§ WHAT IS EXPECTED
Set each record down exactly, excluding all images.

§ Stored data
□ □ □ □
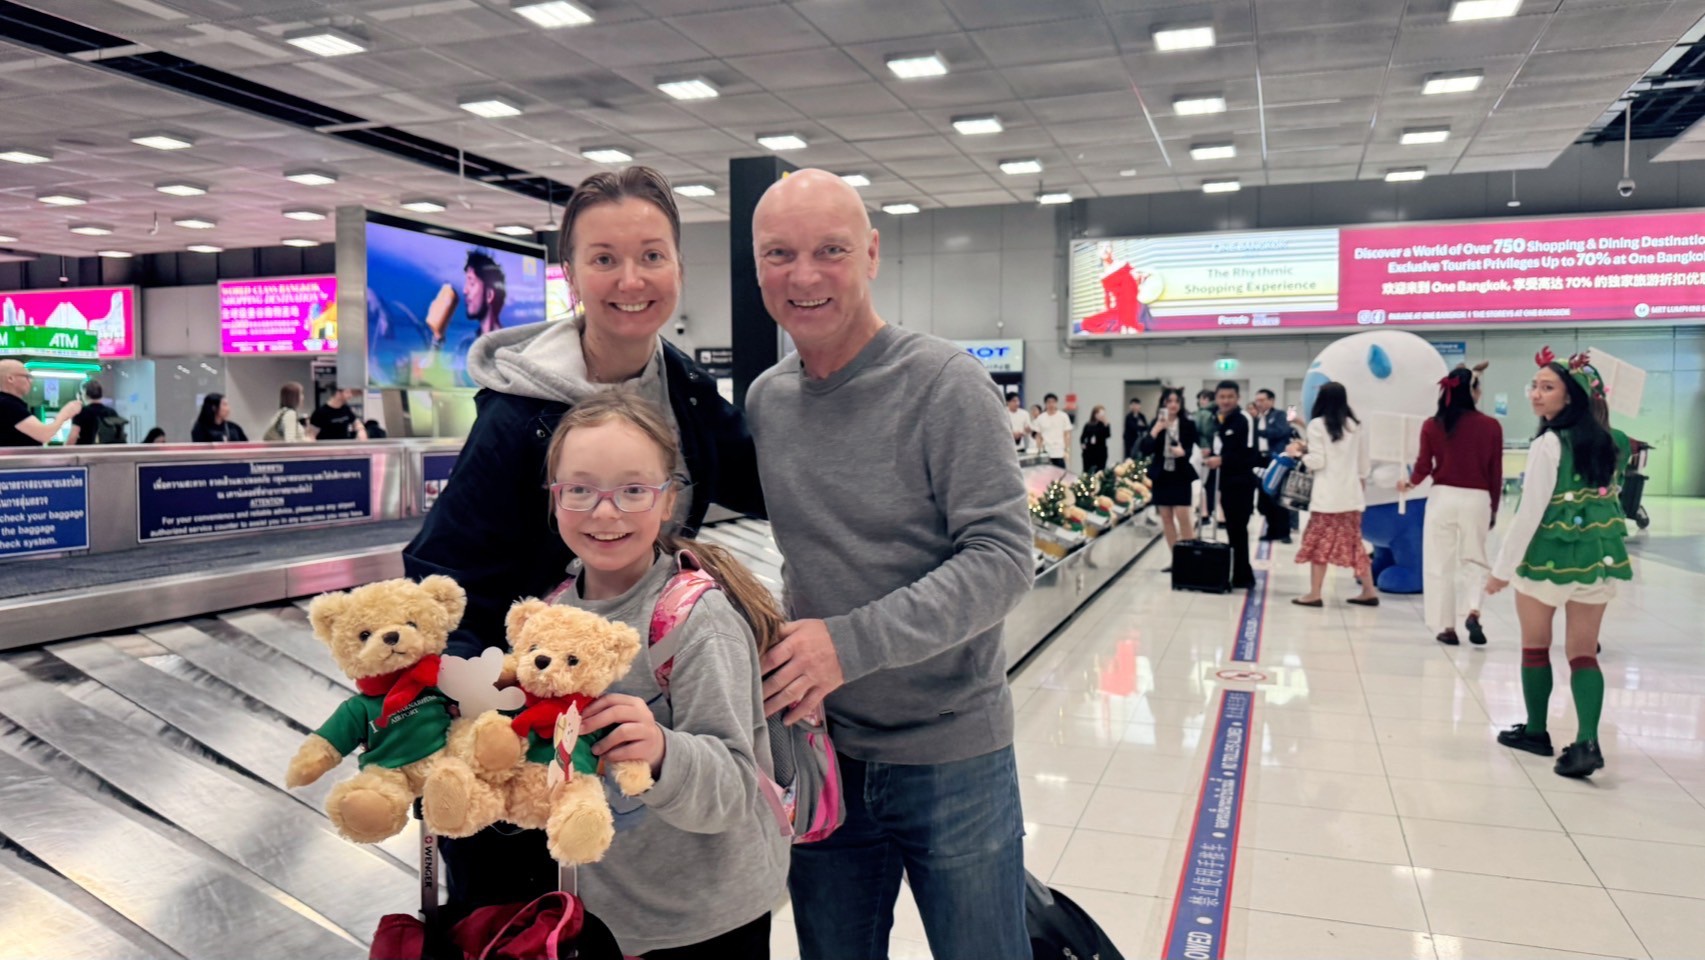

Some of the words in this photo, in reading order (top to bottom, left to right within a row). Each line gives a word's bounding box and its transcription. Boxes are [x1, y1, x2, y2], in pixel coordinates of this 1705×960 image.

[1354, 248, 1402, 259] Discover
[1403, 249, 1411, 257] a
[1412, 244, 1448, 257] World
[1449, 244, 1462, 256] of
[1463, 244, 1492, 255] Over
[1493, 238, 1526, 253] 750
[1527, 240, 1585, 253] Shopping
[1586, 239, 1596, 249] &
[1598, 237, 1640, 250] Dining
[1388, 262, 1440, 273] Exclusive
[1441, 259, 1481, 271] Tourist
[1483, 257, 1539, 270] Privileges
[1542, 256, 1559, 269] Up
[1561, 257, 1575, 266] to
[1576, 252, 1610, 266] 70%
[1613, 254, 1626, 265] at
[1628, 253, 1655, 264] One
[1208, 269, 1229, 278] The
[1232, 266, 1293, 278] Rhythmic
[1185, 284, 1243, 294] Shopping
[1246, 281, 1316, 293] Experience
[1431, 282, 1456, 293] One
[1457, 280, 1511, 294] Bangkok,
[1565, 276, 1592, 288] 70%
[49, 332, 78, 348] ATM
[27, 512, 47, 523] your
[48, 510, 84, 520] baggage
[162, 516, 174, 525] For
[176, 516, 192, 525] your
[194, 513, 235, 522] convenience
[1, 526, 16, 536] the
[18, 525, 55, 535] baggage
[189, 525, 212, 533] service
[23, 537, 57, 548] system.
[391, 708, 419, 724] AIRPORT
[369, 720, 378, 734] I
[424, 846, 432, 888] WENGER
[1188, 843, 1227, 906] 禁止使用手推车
□ □ □ □
§ TASK ANSWER
Some of the words in this photo, in reading order (top to bottom, left to right within a row). Each line gives a word's bounding box and its transcription. Boxes are [x1, y1, x2, y2], in pixel coordinates of this 1705×960 image.

[1354, 248, 1402, 259] Discover
[1403, 249, 1411, 257] a
[1412, 244, 1448, 257] World
[1449, 244, 1462, 256] of
[1463, 244, 1492, 255] Over
[1493, 238, 1526, 253] 750
[1527, 240, 1585, 253] Shopping
[1586, 239, 1596, 249] &
[1598, 237, 1640, 250] Dining
[1388, 262, 1440, 273] Exclusive
[1441, 259, 1481, 271] Tourist
[1483, 257, 1539, 270] Privileges
[1542, 256, 1559, 269] Up
[1561, 257, 1575, 266] to
[1576, 252, 1610, 266] 70%
[1613, 254, 1626, 265] at
[1628, 253, 1655, 264] One
[1208, 269, 1229, 278] The
[1232, 266, 1293, 278] Rhythmic
[1185, 284, 1243, 294] Shopping
[1246, 281, 1316, 293] Experience
[1431, 282, 1456, 293] One
[1457, 280, 1511, 294] Bangkok,
[1565, 276, 1592, 288] 70%
[49, 332, 78, 348] ATM
[27, 512, 47, 523] your
[48, 510, 84, 520] baggage
[162, 516, 174, 525] For
[176, 516, 192, 525] your
[194, 513, 235, 522] convenience
[1, 526, 16, 536] the
[18, 525, 55, 535] baggage
[189, 525, 212, 533] service
[23, 537, 57, 548] system.
[391, 708, 419, 724] AIRPORT
[369, 720, 378, 734] I
[424, 846, 432, 888] WENGER
[1188, 843, 1227, 906] 禁止使用手推车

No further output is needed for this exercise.